The International Monetary Fund has warned Nigeria and other emerging economies to quickly repair their weak labor markets and severe school disruptions to avoid plunging their economies into further damage.
In a new report titled “Healing the economic scars of the pandemic requires swift action,” the Washington-based lender said pandemic-induced losses to economic output and employment would be significant in coming years, as reported in its April World Economic Outlook.
According to the report, emerging market economies were at risk of greater losses because they had relatively less access to vaccines and their pandemic support programs were smaller. For many economies, the outbreak of war in Ukraine has added to the challenges, he noted.
The report reads in part: “Our new analytical work reveals that, among the main causes of the scars of the pandemic are the weak potential recovery of the labor market in emerging market economies and the severe disruptions in schooling during of the last two years in advanced and emerging countries. savings. Policymakers must act quickly to repair the damage caused by the crisis and prevent decades of decline in economic output due to the loss of human capital.

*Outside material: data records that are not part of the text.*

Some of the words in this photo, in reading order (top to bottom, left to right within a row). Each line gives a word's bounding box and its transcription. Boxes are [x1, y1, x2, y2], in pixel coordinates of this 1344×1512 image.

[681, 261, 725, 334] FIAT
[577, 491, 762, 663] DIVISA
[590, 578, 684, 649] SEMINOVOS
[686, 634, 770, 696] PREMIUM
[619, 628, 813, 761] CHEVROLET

The report adds that recessions often have lasting effects on workers who lost their jobs at the height of the recession. They could struggle to get new jobs during the recovery and could lose some skills due to prolonged unemployment, he said, noting that such losses hurt affected workers and also reduce overall economic output.
It further reads: “In addition to challenges in the labor market and school disruption, there are also other channels of healing. For example, rising corporate debt and vulnerabilities in industries hardest hit by the pandemic could also contribute to the scarring by weighing on investment and productivity for years to come, according to new research presented. in the IMF’s April World Economic Outlook.

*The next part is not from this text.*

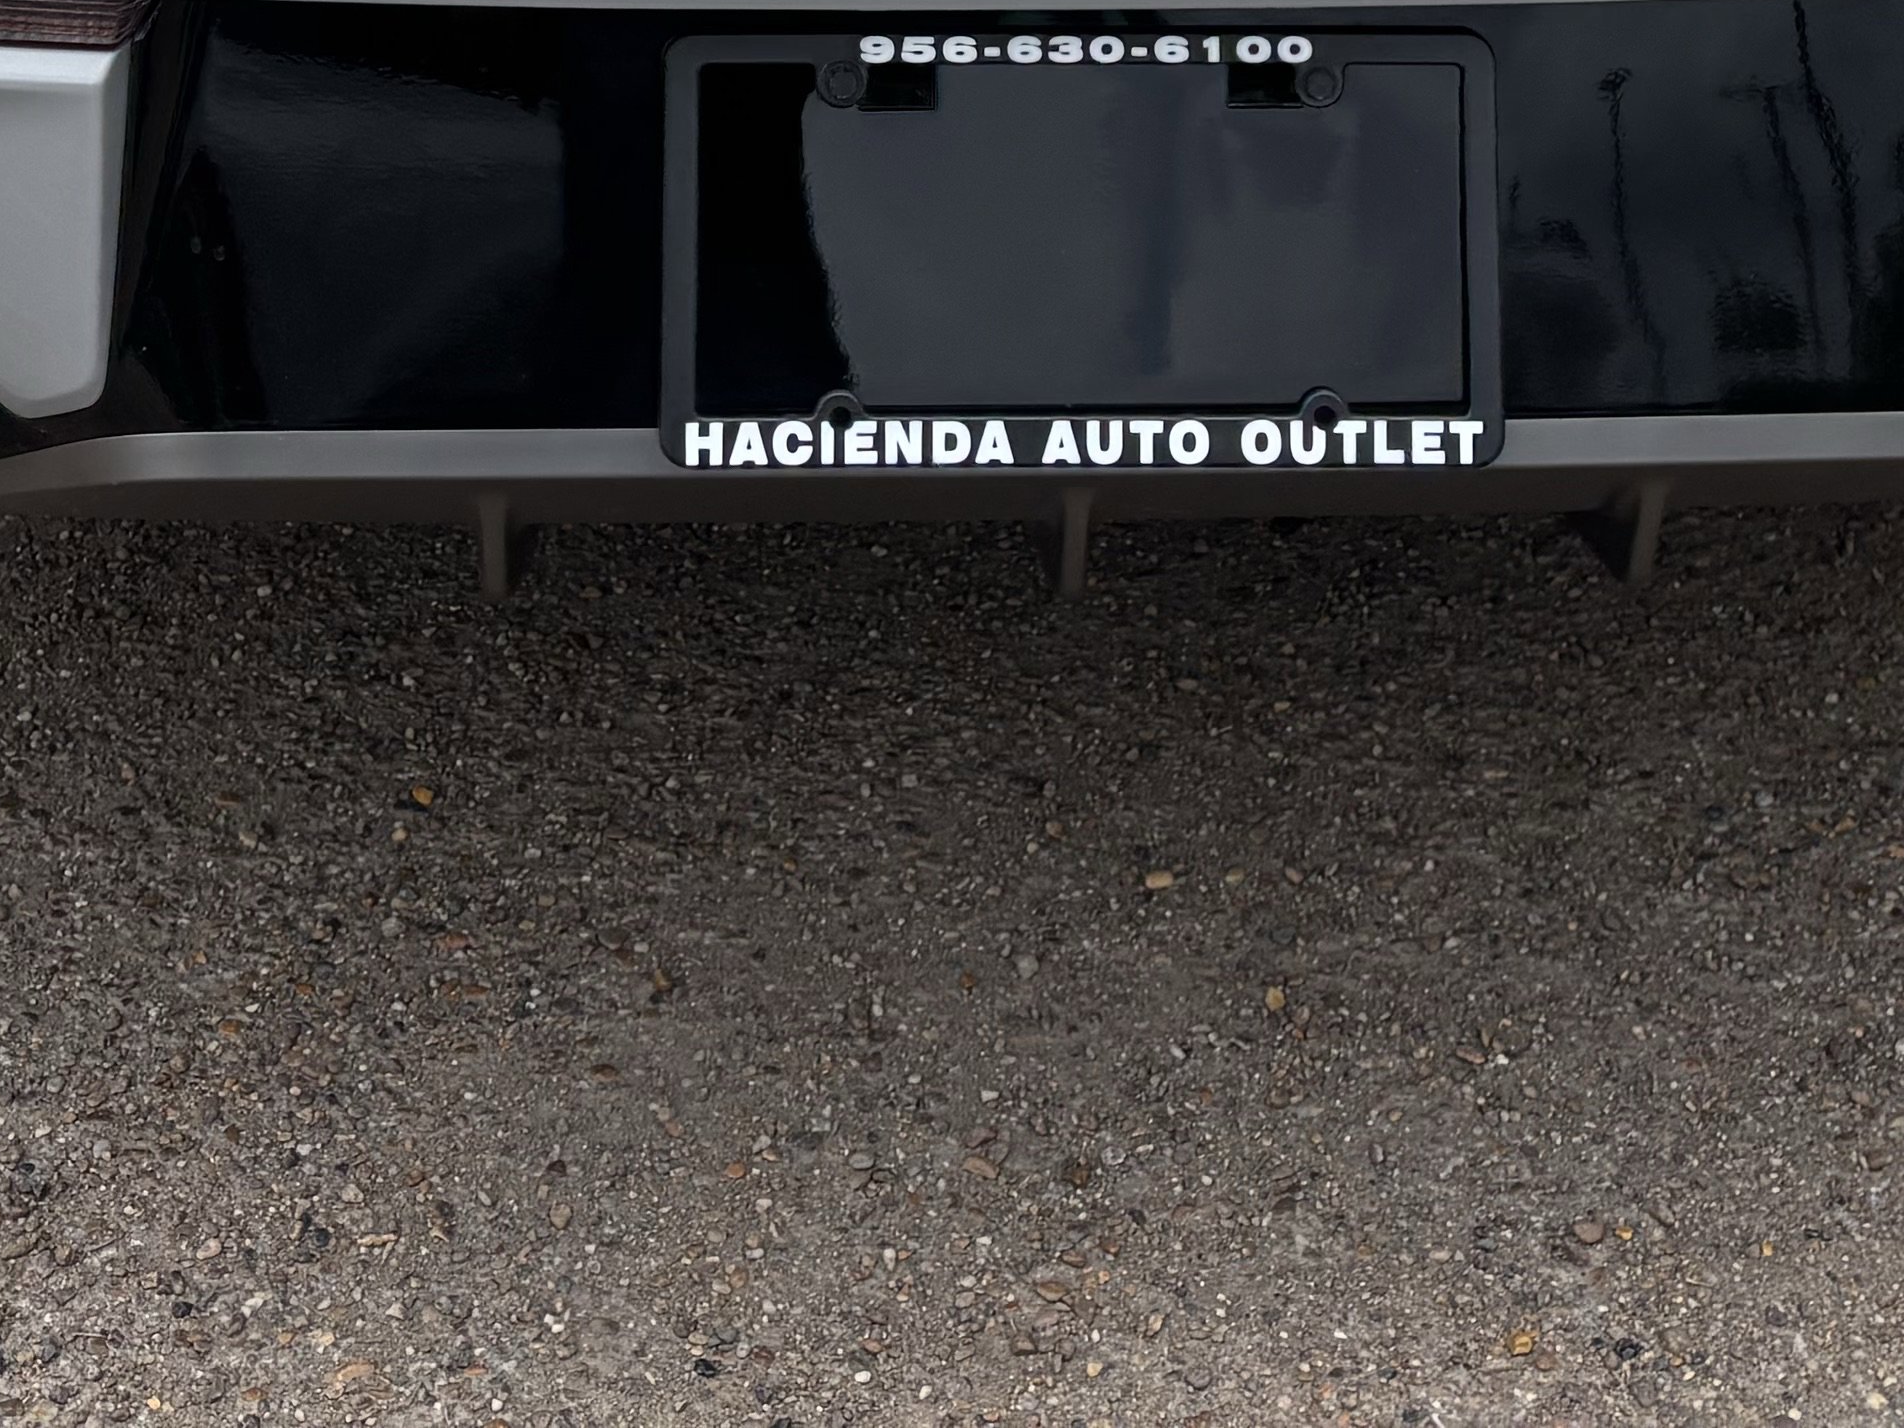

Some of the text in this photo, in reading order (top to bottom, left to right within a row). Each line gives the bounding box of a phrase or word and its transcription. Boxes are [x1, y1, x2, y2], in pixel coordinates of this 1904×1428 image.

According to the IMF, time was short to limit learning losses because education was cumulative, with each year building on the previous one. To minimize lasting damage, countries need to quickly assess learning setbacks and implement appropriate measures to help students.
“In addition, pandemic-era support measures for businesses and workers that have helped limit the scars of the pandemic, such as credit guarantees and job retention policies, will need to be reduced as the recovery strengthens. This will help avoid delaying the reallocation of workers and resources to their most productive uses as the pandemic subsides, and help foster productivity growth.
“Instead, policies could help people adapt to changing labor markets, for example through well-targeted job search programs and additional training support to acquire new skills. Moreover, to limit high pockets of corporate distress that turn into corporate bankruptcies or significant investment declines, it is also crucial to ensure the proper functioning of corporate insolvency and out-of-court restructuring mechanisms,” still says the report.